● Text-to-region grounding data
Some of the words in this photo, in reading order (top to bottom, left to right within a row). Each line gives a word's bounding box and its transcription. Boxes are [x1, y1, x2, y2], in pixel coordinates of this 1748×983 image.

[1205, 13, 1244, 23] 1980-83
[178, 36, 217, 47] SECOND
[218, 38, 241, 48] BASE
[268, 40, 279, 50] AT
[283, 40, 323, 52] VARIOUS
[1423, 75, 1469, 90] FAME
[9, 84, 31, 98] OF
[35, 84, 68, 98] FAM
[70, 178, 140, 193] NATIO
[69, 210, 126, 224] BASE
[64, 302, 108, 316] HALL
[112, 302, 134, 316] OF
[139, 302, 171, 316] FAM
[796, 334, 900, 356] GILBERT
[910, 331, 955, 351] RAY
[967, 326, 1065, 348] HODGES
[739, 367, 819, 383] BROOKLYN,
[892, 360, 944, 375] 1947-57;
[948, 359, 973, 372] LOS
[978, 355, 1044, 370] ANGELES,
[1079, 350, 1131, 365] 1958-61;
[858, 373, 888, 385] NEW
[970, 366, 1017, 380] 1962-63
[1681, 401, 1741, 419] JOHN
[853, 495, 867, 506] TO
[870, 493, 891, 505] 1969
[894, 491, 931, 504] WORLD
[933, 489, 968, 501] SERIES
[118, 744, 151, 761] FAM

● WORK INSTRUCTIONS
Retype every entry without changing anything.

● PROBLEM SOLUTION
Some of the words in this photo, in reading order (top to bottom, left to right within a row). Each line gives a word's bounding box and its transcription. Boxes are [x1, y1, x2, y2], in pixel coordinates of this 1748×983 image.

[1205, 13, 1244, 23] 1980-83
[178, 36, 217, 47] SECOND
[218, 38, 241, 48] BASE
[268, 40, 279, 50] AT
[283, 40, 323, 52] VARIOUS
[1423, 75, 1469, 90] FAME
[9, 84, 31, 98] OF
[35, 84, 68, 98] FAM
[70, 178, 140, 193] NATIO
[69, 210, 126, 224] BASE
[64, 302, 108, 316] HALL
[112, 302, 134, 316] OF
[139, 302, 171, 316] FAM
[796, 334, 900, 356] GILBERT
[910, 331, 955, 351] RAY
[967, 326, 1065, 348] HODGES
[739, 367, 819, 383] BROOKLYN,
[892, 360, 944, 375] 1947-57;
[948, 359, 973, 372] LOS
[978, 355, 1044, 370] ANGELES,
[1079, 350, 1131, 365] 1958-61;
[858, 373, 888, 385] NEW
[970, 366, 1017, 380] 1962-63
[1681, 401, 1741, 419] JOHN
[853, 495, 867, 506] TO
[870, 493, 891, 505] 1969
[894, 491, 931, 504] WORLD
[933, 489, 968, 501] SERIES
[118, 744, 151, 761] FAM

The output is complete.